HENASY: Learning to Assemble Scene-Entities for Egocentric Video-Language Model

Khoa Vo,Thinh Phan,Kashu Yamazaki,Minh Tran,Ngan Le
2024-11-02
Abstract:Current video-language models (VLMs) rely extensively on instance-level alignment between video and language modalities, which presents two major limitations: (1) visual reasoning disobeys the natural perception that humans do in first-person perspective, leading to a lack of reasoning interpretation; and (2) learning is limited in capturing inherent fine-grained relationships between two modalities. In this paper, we take an inspiration from human perception and explore a compositional approach for egocentric video representation. We introduce HENASY (Hierarchical ENtities ASsemblY), which includes a spatiotemporal token grouping mechanism to explicitly assemble dynamically evolving scene entities through time and model their relationship for video representation. By leveraging compositional structure understanding, HENASY possesses strong interpretability via visual grounding with free-form text queries. We further explore a suite of multi-grained contrastive losses to facilitate entity-centric understandings. This comprises three alignment types: video-narration, noun-entity, verb-entities alignments.

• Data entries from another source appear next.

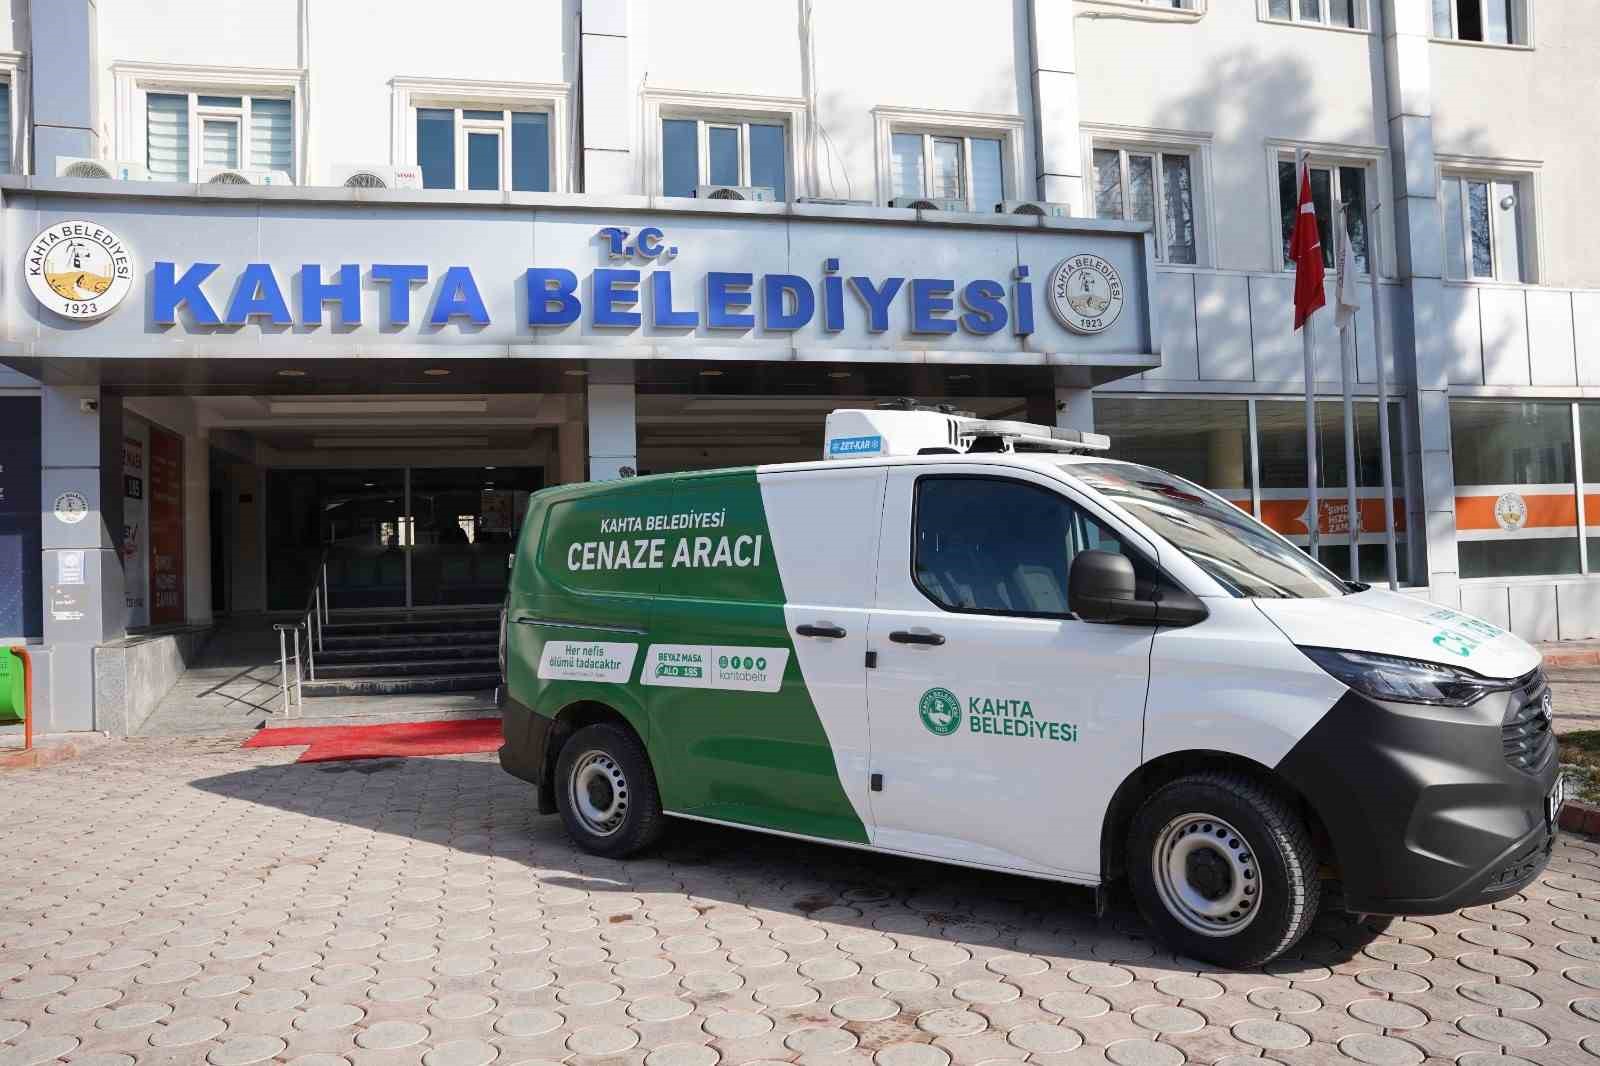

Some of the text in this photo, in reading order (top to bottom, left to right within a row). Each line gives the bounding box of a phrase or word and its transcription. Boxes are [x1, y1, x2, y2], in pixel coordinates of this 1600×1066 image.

[30, 225, 131, 279] KAHTA BELEDİYESİ
[599, 227, 679, 256] T.C.
[64, 303, 98, 314] 1923
[153, 258, 1035, 336] KAHTA BELEDİYESİ
[600, 507, 727, 534] KAHTA BELEDİYESİ
[567, 534, 763, 571] CENAZE ARACI
[565, 644, 605, 657] Her nefis
[657, 652, 703, 663] BEYAZ MASA
[968, 696, 1034, 719] KAHTA
[969, 715, 1079, 743] BELEDİYESİ

Our method demonstrates strong interpretability in both quantitative and qualitative experiments; while maintaining competitive performances on five downstream tasks via zero-shot transfer or as video/text representation, including video/text retrieval, action recognition, multi-choice query, natural language query, and moments query.
Computer Vision and Pattern Recognition
What problem does this paper attempt to address?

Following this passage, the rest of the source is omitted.